И вот я самонадеянно перехожу от собственной читательской истории к истории самого процесса чтения. Или, скорее, к истории о чтении – состоящей из разных личных обстоятельств, – наверняка это будет всего лишь одна из возможных историй, какой бы бесстрастной она ни была. Возможно, в конце концов, история чтения – это история читателей. Даже началась она случайно. В рецензии на книгу об истории математики, выпущенную в середине тридцатых годов, Борхес написал, что у нее есть один «неприятный недостаток: хронологический порядок событий никак не сочетается с естественным и логическим их порядком. Определение элементов теории часто происходит в последнюю очередь, практика предшествует теории, для неподготовленного читателя труды первых математиков менее понятны, чем работы их современных коллег»

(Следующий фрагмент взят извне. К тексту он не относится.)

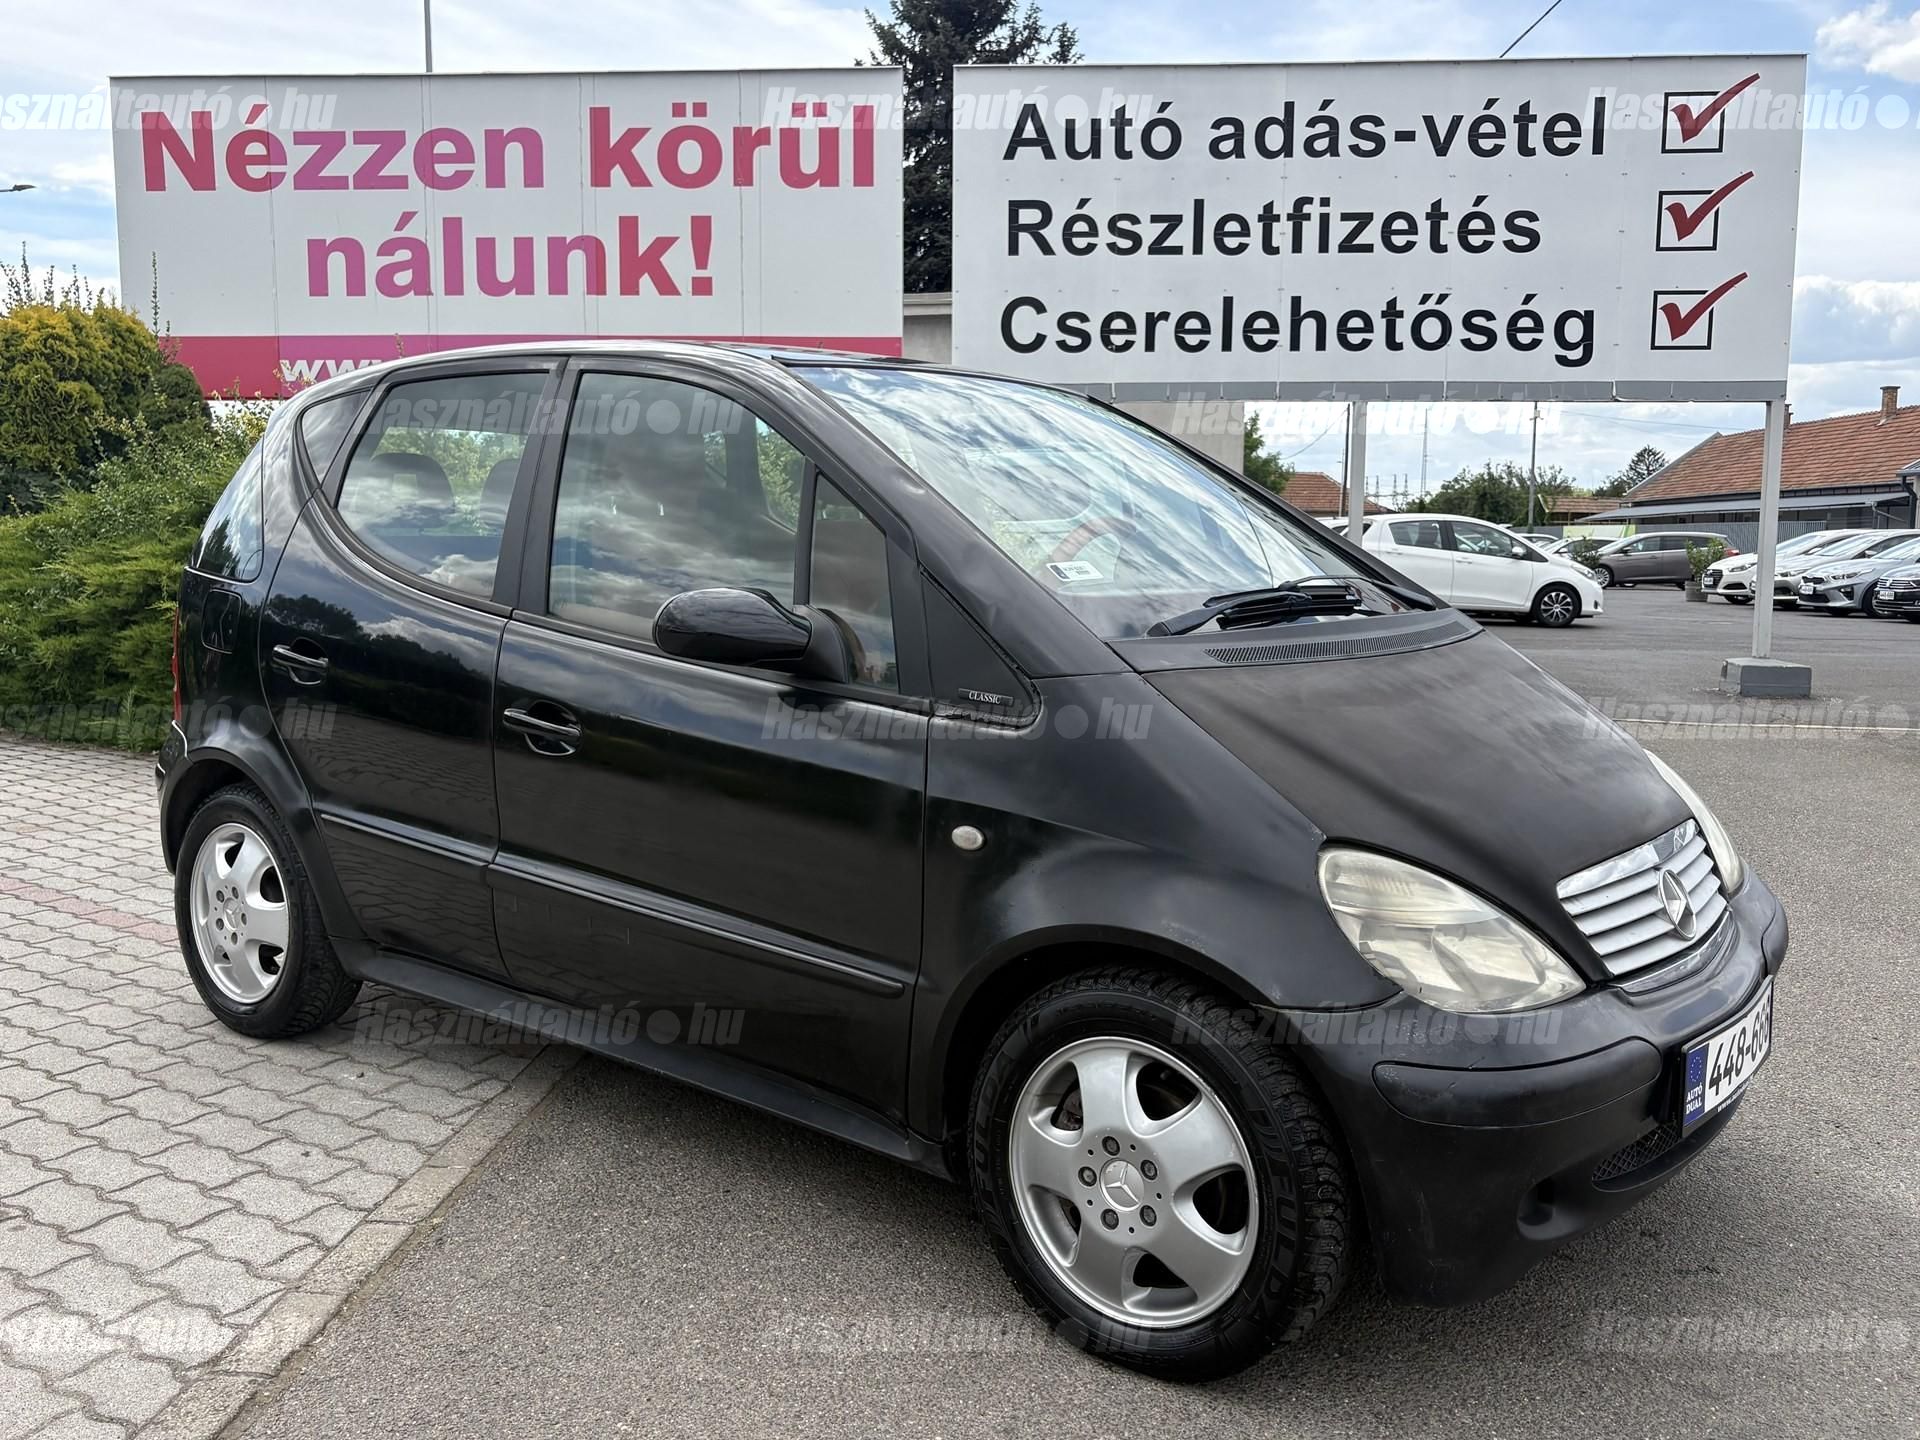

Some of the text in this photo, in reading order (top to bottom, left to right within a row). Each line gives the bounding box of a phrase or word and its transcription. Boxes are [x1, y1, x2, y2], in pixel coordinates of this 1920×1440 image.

[142, 103, 874, 192] Nézzen körül
[1003, 97, 1606, 161] Autó adás-vétel
[308, 211, 712, 297] nálunk!
[1008, 196, 1541, 256] Részletfizetés
[1000, 293, 1595, 368] Cserelehetőség
[968, 690, 1001, 705] CLASSIC
[1686, 1082, 1703, 1103] AUTÓ
[1686, 1096, 1703, 1115] DUAL

[35]. Почти то же можно сказать и об истории чтения. Ее хронология не может совпадать с хронологией политической истории. Шумерский писец, для которого чтение было ценнейшей привилегией, куда более остро чувствовал свою ответственность, чем читатели современного Нью-Йорка или Сантьяго, поскольку от его личной интерпретации зависело, как поймут люди статью законов или счет. Теория чтения позднего Средневековья, определявшая, когда и как следует читать, и разделявшая тексты на те, которые должно читать вслух, и те, которые читают только про себя, была гораздо четче сформулирована, чем аналогичная теория, принятая в конце XIX века в Вене или в Англии эпохи короля Эдуарда. История чтения не должна совпадать и с историей литературной критики; сомнения, выраженные мистиком XIX века Анной Катариной Эммерих (о том, что печатный текст никогда не сможет сравниться с ее личным жизненным опытом
[36]), на две тысячи лет раньше гораздо четче изложил Сократ (который считал книги помехой для обучения)
[37], а в наше время – немецкий литератор Ханс Магнус Энценсбергер (который защищал неграмотность и призывал вернуться к изначальной креативности устного народного творчества)
[38]. Эту точку зрения среди прочих опровергает американский эссеист Алан Блум
[39]; а его – что за восхитительный анахронизм! – дополняет и углубляет Чарльз Ламб, который еще в 1833 году признавался, что любит блуждать «по мыслям других людей». «Если я не иду, – говорил он, – я читаю; я не могу сидеть и думать. Книги думают за меня»
[40]. История чтения не сочетается и с хронологией истории литературы, потому что часто автор начинает свою жизнь в литературе не благодаря первой книжке, а благодаря будущим читателям: маркиз де Сад был спасен из пыльного чулана порнографической литературы, где его книги провели более 150 лет, библиофилом Морисом Гейне и французскими сюрреалистами; Уильям Блейк, о котором никто ничего не слышал более двух веков, в наше время заново родился благодаря сэру Джеффри Кейнсу и Нортропу Фраю – именно благодаря им его произведения стоят теперь в учебном плане любого колледжа.